== Data shown
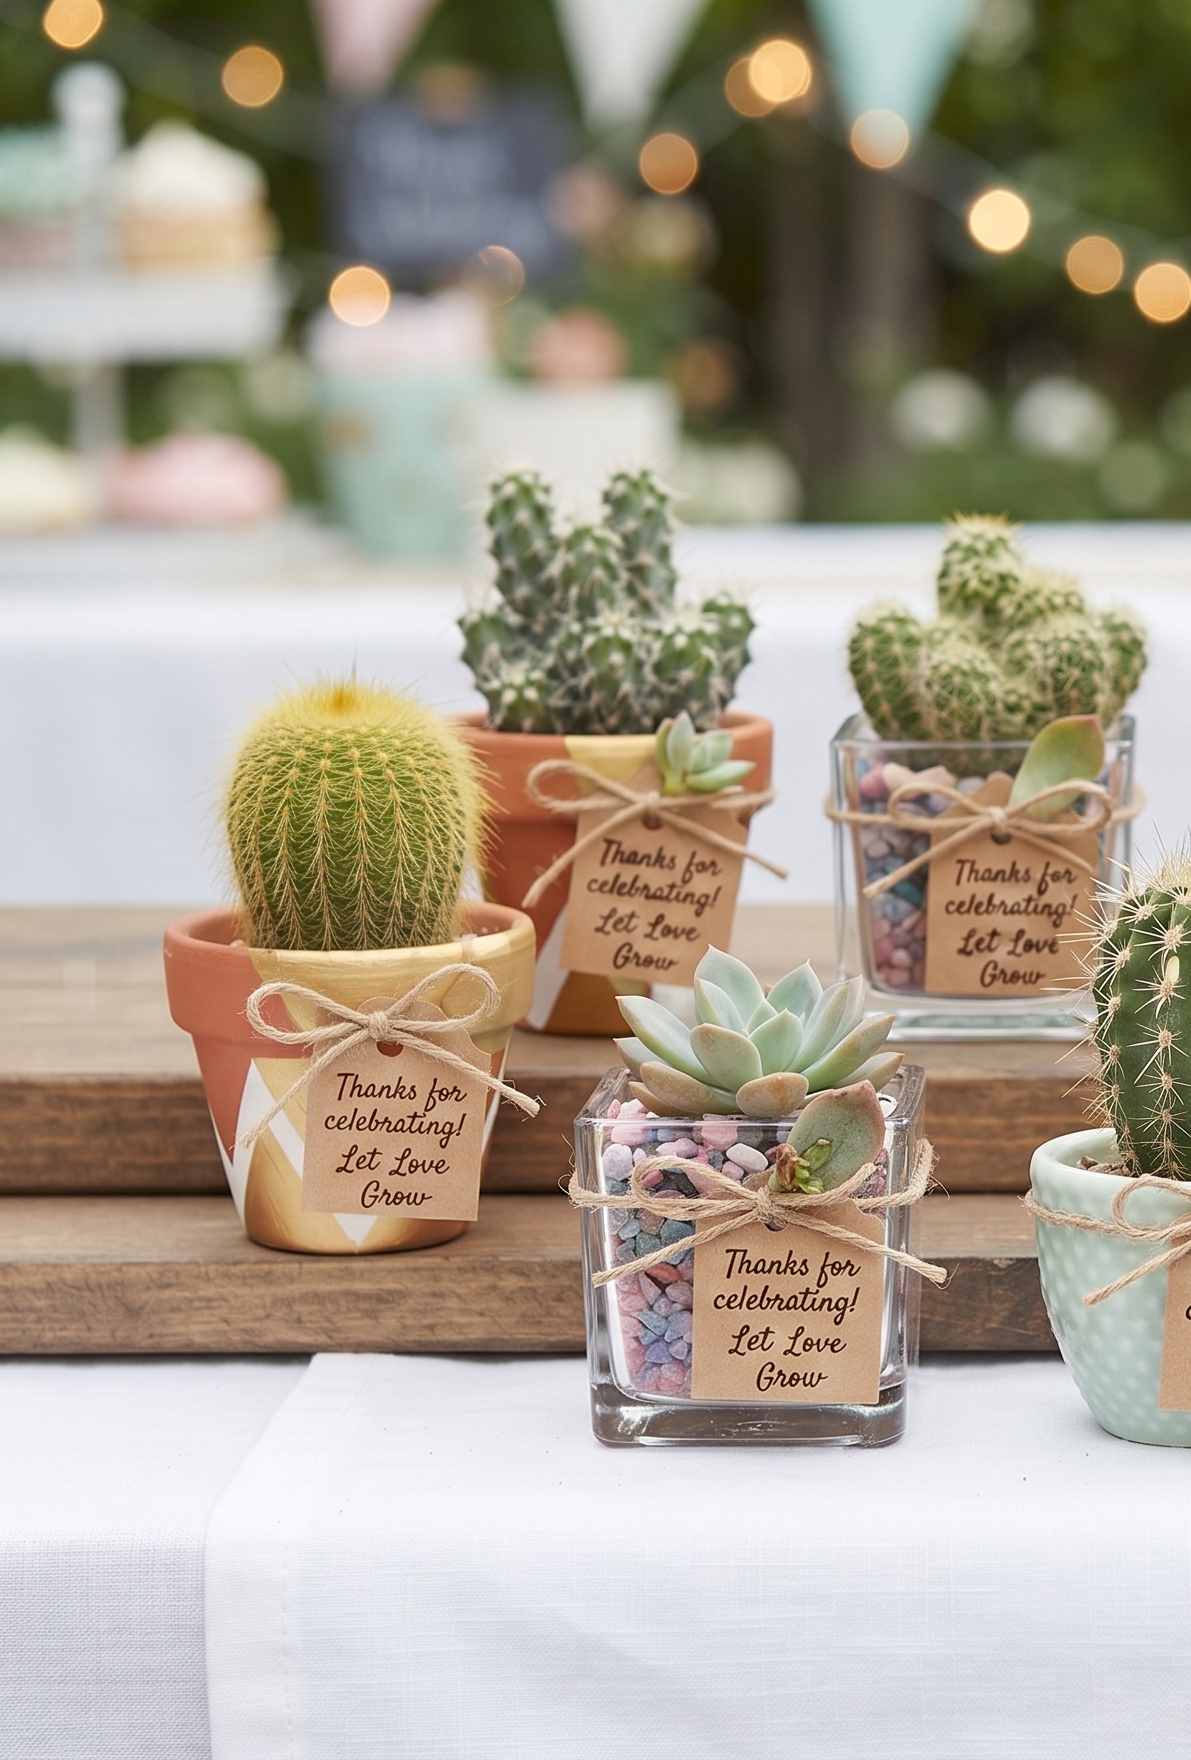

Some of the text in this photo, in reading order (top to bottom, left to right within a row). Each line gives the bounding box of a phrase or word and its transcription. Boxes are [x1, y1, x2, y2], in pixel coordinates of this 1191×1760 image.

[600, 838, 723, 884] Thanks for
[956, 859, 1077, 895] Thanks for
[587, 872, 722, 917] celebrating!
[945, 892, 1078, 928] celebrating!
[594, 907, 701, 941] Let Love
[613, 942, 678, 970] Grow
[957, 928, 1059, 957] Let Love
[980, 960, 1046, 988] Grow
[337, 1073, 468, 1112] Thanks for
[325, 1108, 467, 1149] celebrating!
[335, 1144, 450, 1176] Let Love
[361, 1180, 433, 1208] Grow
[725, 1249, 861, 1288] Thanks for
[713, 1285, 860, 1325] celebrating!
[728, 1325, 847, 1356] Let Love
[756, 1362, 828, 1391] Grow
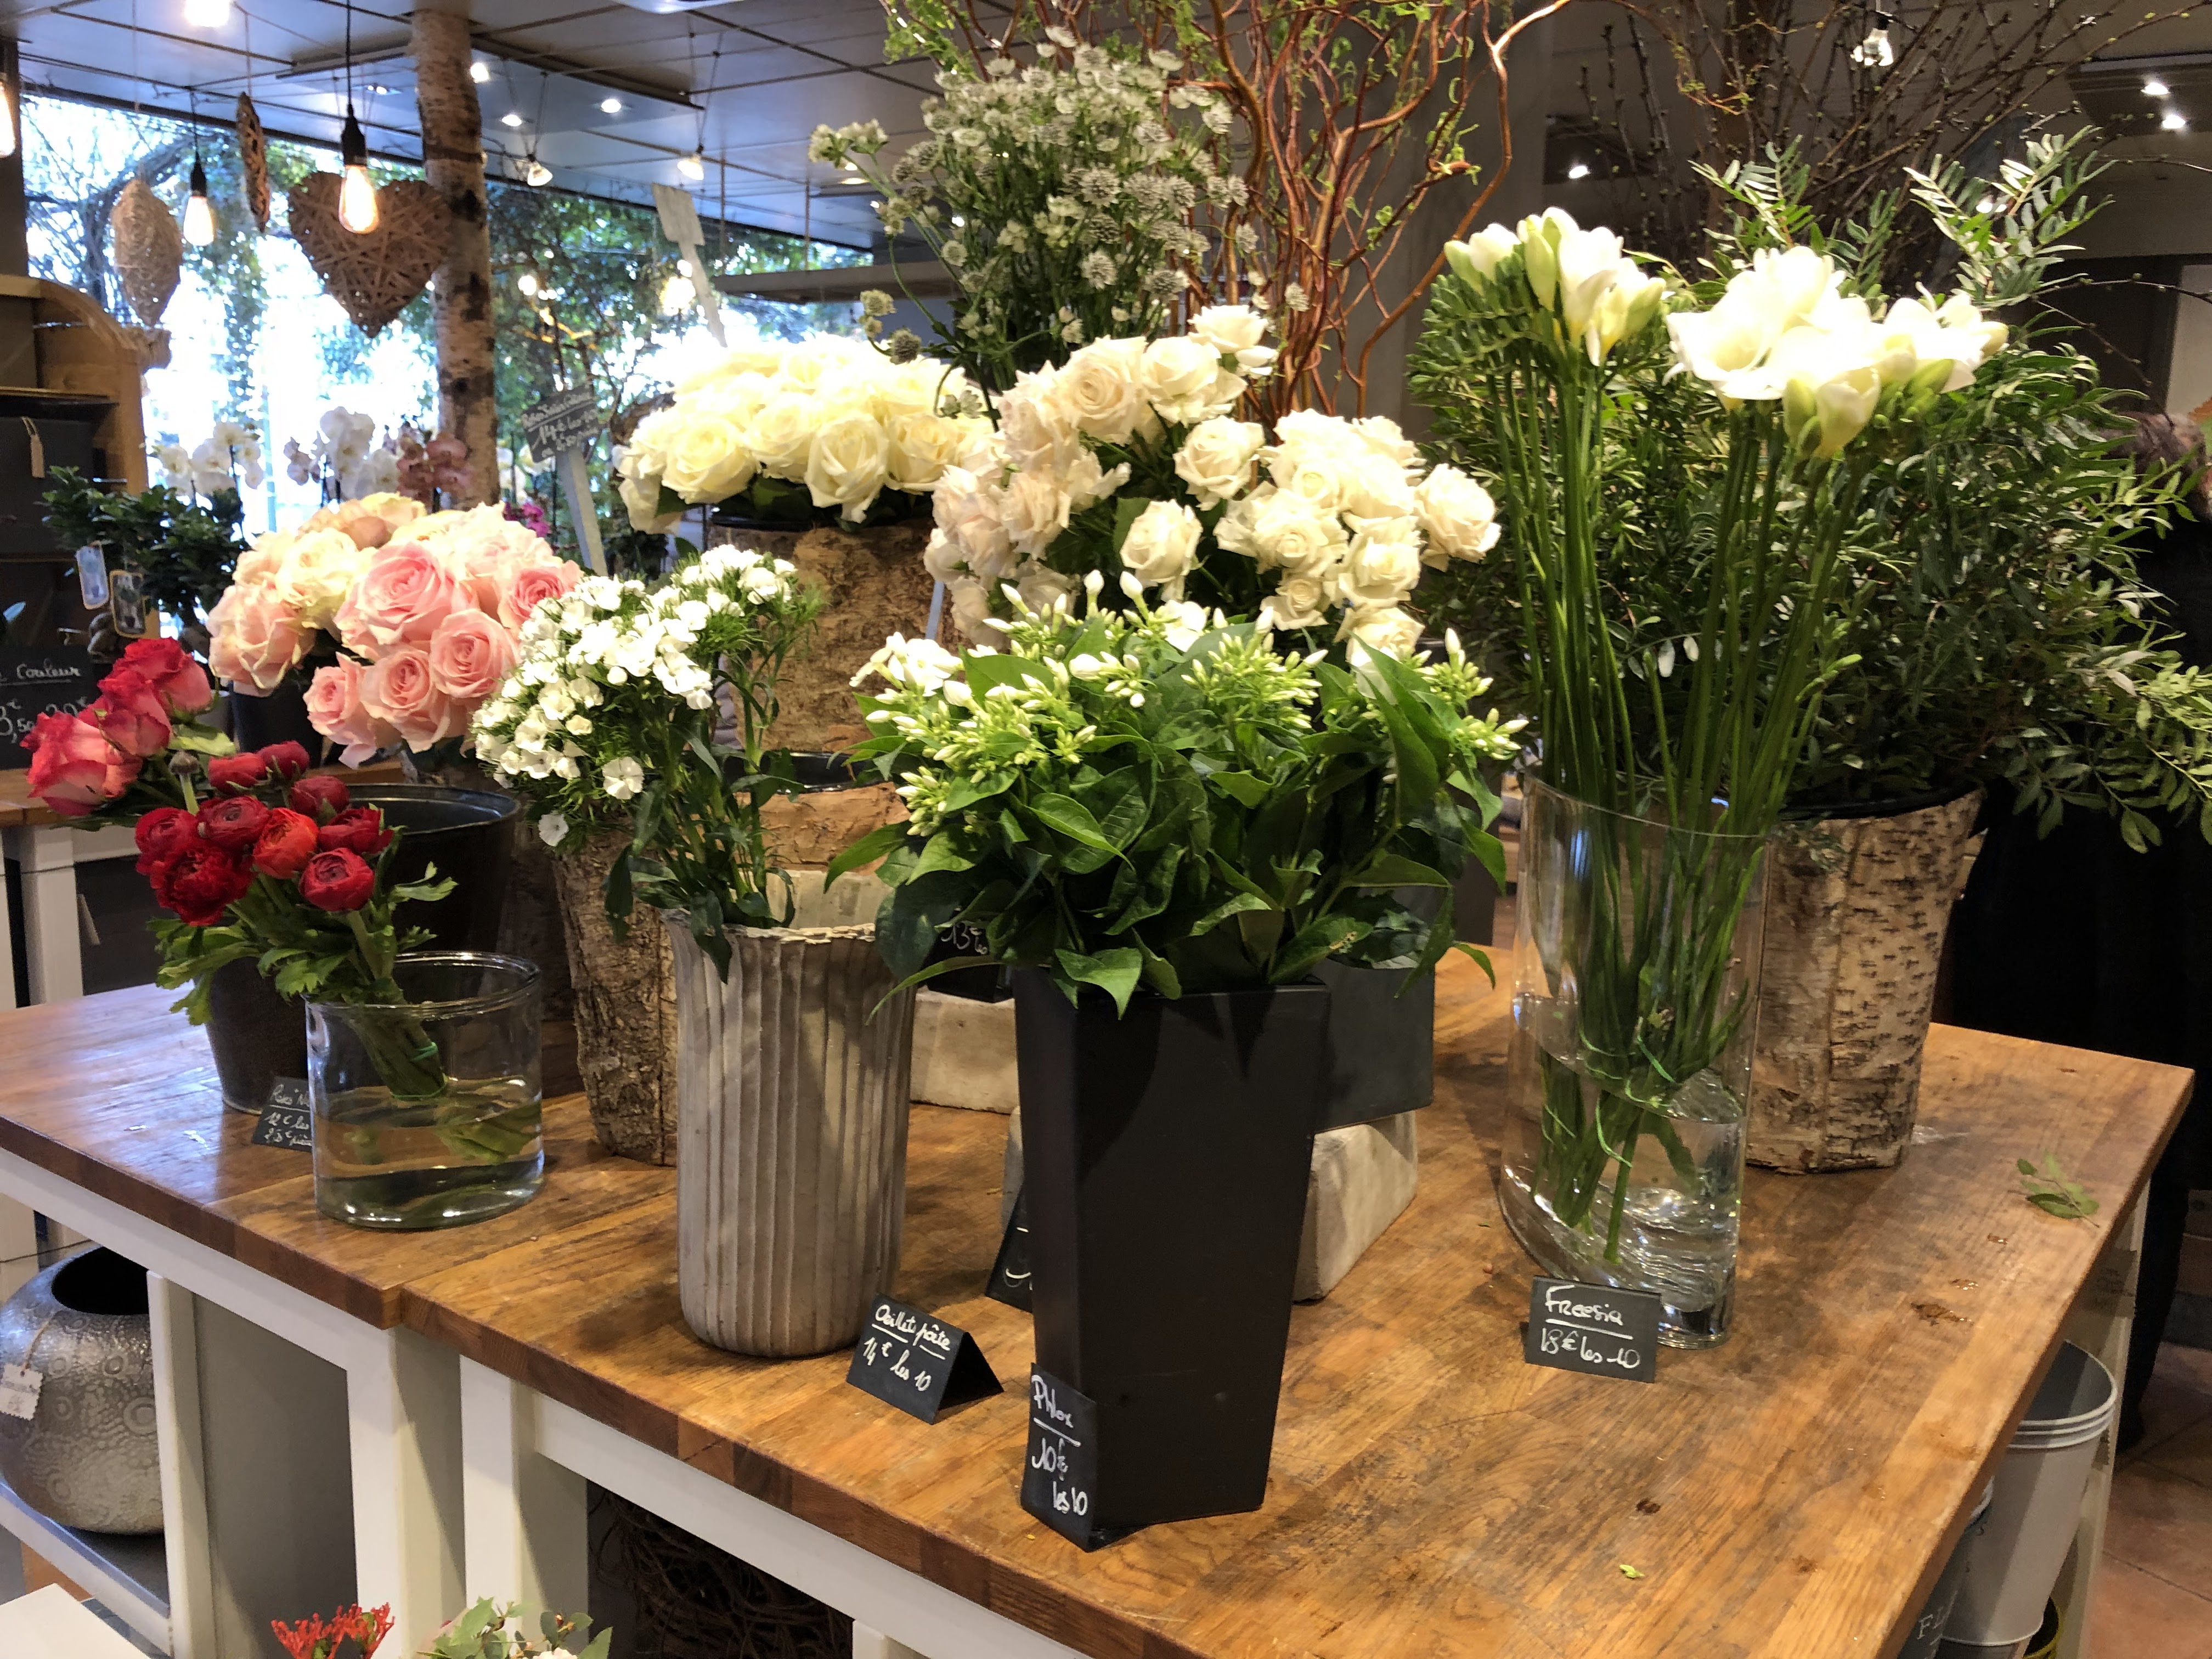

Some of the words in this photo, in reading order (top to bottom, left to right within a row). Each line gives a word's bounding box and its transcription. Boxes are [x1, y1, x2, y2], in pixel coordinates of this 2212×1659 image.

[16, 658, 82, 679] Couleur
[889, 1349, 910, 1380] les
[914, 1370, 932, 1391] 10
====
For this exercise, return every entry verbatim and omit all pictures.

* **The completed task**
Some of the text in this photo, in reading order (top to bottom, left to right within a row). Each line gives the bounding box of a phrase or word and its transcription. Boxes are [x1, y1, x2, y2], in pixel coordinates of this 1191×1760 image.

[600, 838, 723, 884] Thanks for
[956, 859, 1077, 895] Thanks for
[587, 872, 722, 917] celebrating!
[945, 892, 1078, 928] celebrating!
[594, 907, 701, 941] Let Love
[613, 942, 678, 970] Grow
[957, 928, 1059, 957] Let Love
[980, 960, 1046, 988] Grow
[337, 1073, 468, 1112] Thanks for
[325, 1108, 467, 1149] celebrating!
[335, 1144, 450, 1176] Let Love
[361, 1180, 433, 1208] Grow
[725, 1249, 861, 1288] Thanks for
[713, 1285, 860, 1325] celebrating!
[728, 1325, 847, 1356] Let Love
[756, 1362, 828, 1391] Grow

Some of the words in this photo, in reading order (top to bottom, left to right within a row). Each line gives a word's bounding box and its transcription. Boxes are [x1, y1, x2, y2], in pixel coordinates of this 2212×1659 image.

[16, 658, 82, 679] Couleur
[889, 1349, 910, 1380] les
[914, 1370, 932, 1391] 10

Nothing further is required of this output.